Dean's Bucket List
The dance arena is full during the grand entry dance at the Winnebago Pow Wow.
Winnebago Pow Wow Celebrates Native Traditions
“Today is a good day. I am happy to be here,” expressed the man who blessed the Winnebago Pow Wow arena. “I pray for all the people here now and for all our brothers and sisters around the world.”
It was an accurate expression of my own sentiments as I attended the 148th annual homecoming celebration of the Winnebago Tribe of Nebraska. The Winnebago Veteran's Pow Wow is the oldest continuous memorial pow wow in Native American country today and is open to the public.
This is a great opportunity to experience an authentic cultural event without traveling to the other side of the world.
The evening started with a grand entry. Hundreds of beautifully dressed dancers in traditional regalia and from all over the country entered the arena and started to dance.
The arena is in the shape of a circle.
“As Black Elk said, you notice everything the creator made is in the round – bird nests, the earth, the sun. It’s nature’s design,” explained Nancy Gillis of Walthill.
Gillis teaches at Little Priest College in Winnebago.
“Everything Indians do is in the round. We dance in the round to honor the great creator,” Gillis added.
The dancers compete for prizes.
Pow wows are a very social event. A family has a playful moment on the dance arena at the Winnebago Pow Wow.
Music for the pow wow dance competition and other activities was provided by performers who played large, specially designed drums and sang traditional songs.
The drum groups also competed for prizes. All drum groups have a lead singer who directs the other drummers and singers.
There are several different dance styles. Each style has its own steps, history and tribal affiliation.
The Grass Dance is known around the country and originally came from the northern Central Plains.
There are several stories behind the origins of the Grass Dance. A tribal leader told one version at the start of the dance.
“A medicine man told a boy with a club foot to seek inspiration in the prairie. His vision quest lasted four days and nights. On the fourth day, the creator came to the boy and he observed the swaying of the grass and received a vision of himself dancing the same style as the grass. When he shared this vision with his village, the use of his foot was returned and he performed the first Grass Dance.”
Other origins attribute the Grass Dance to scouts blessing and flattening the grass for a ceremony, dance or battle.
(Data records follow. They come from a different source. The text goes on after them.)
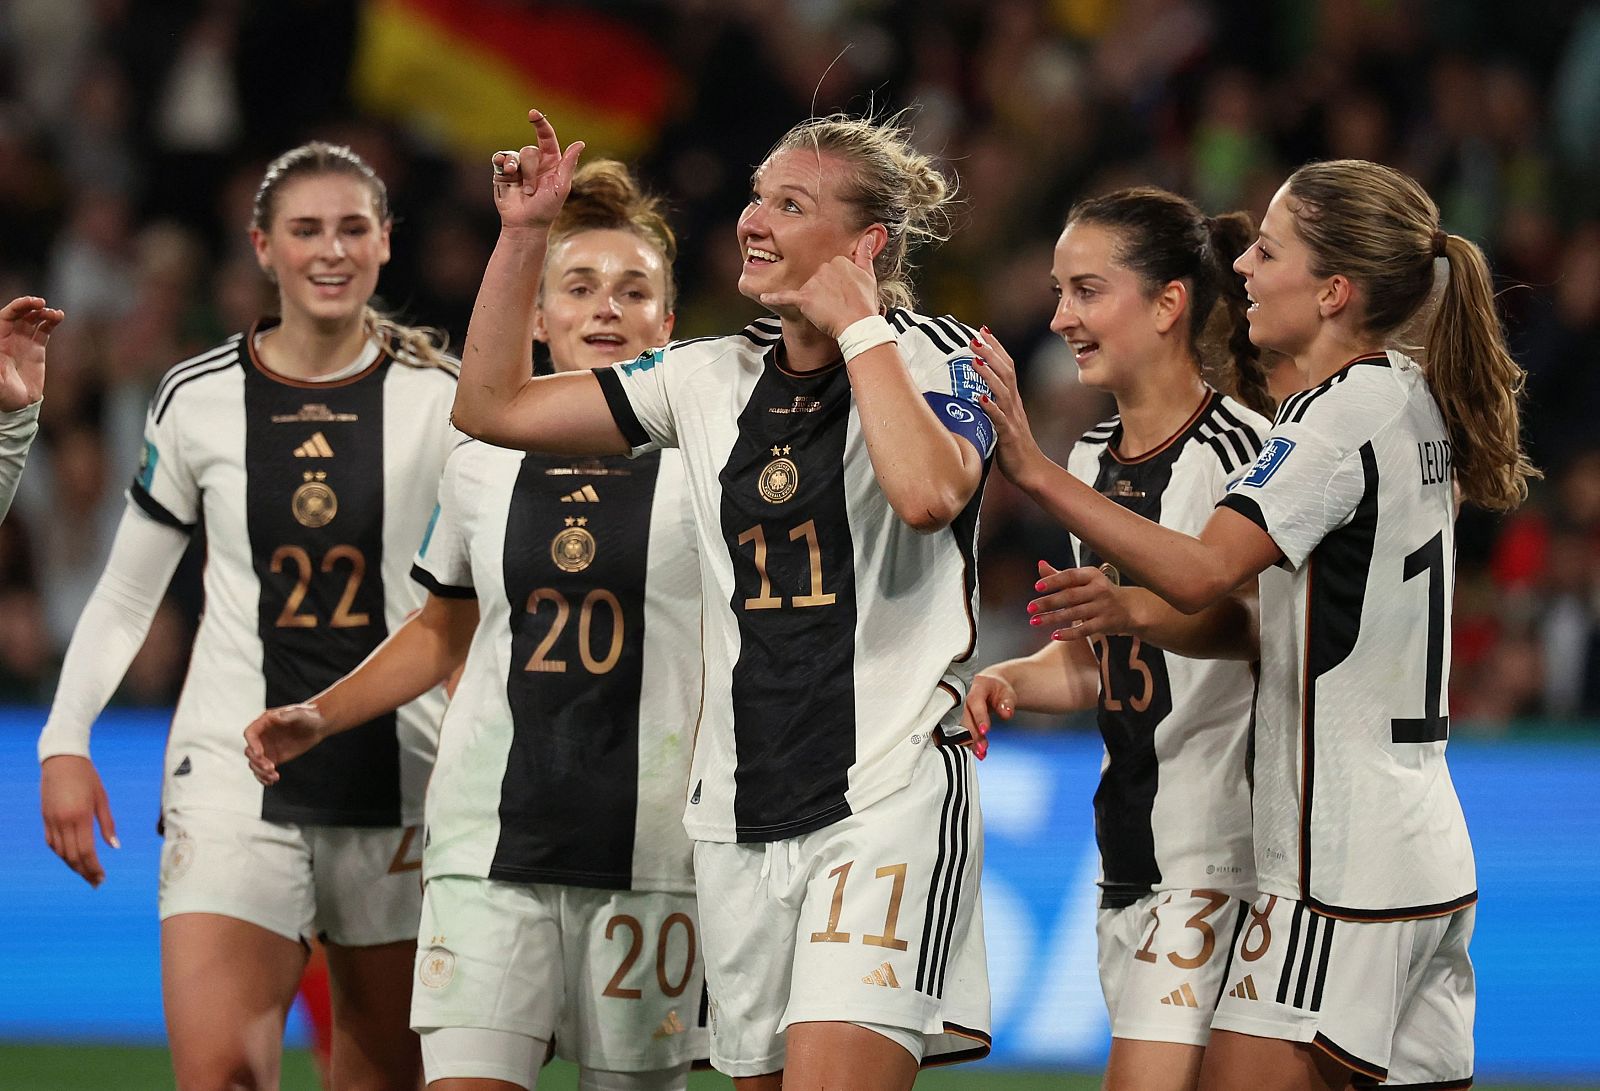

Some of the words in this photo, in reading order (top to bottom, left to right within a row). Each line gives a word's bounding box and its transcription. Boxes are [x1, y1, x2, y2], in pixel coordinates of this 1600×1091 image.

[1417, 439, 1453, 486] LEUP
[269, 544, 370, 629] 22
[737, 518, 837, 611] 11
[523, 587, 625, 675] 20
[1087, 632, 1154, 713] 13
[809, 859, 909, 953] 11
[1133, 889, 1231, 970] 13
[601, 912, 697, 1000] 20
The dancers would also then tie braided grass into their belts.
Tying grass to the belt is believed to have led to using yarn and ribbons common today.
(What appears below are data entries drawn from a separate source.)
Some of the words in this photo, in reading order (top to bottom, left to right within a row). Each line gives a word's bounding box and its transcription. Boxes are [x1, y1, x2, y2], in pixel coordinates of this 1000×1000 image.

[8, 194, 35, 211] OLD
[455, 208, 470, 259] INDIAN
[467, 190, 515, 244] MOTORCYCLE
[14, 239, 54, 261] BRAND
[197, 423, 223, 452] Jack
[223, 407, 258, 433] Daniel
The storyteller explained how a champion dancer called Mike Onestar would compete in western clothes and tie yarn to his clothing to symbolize the grass.
His point was that it is what’s in your heart when you dance – not what you wear – that makes a great dancer.
A young dancer checks out the flag staff in the arena at the Winnebago Pow Wow.
The dance arena is full during a dance at the Winnebago Pow Wow.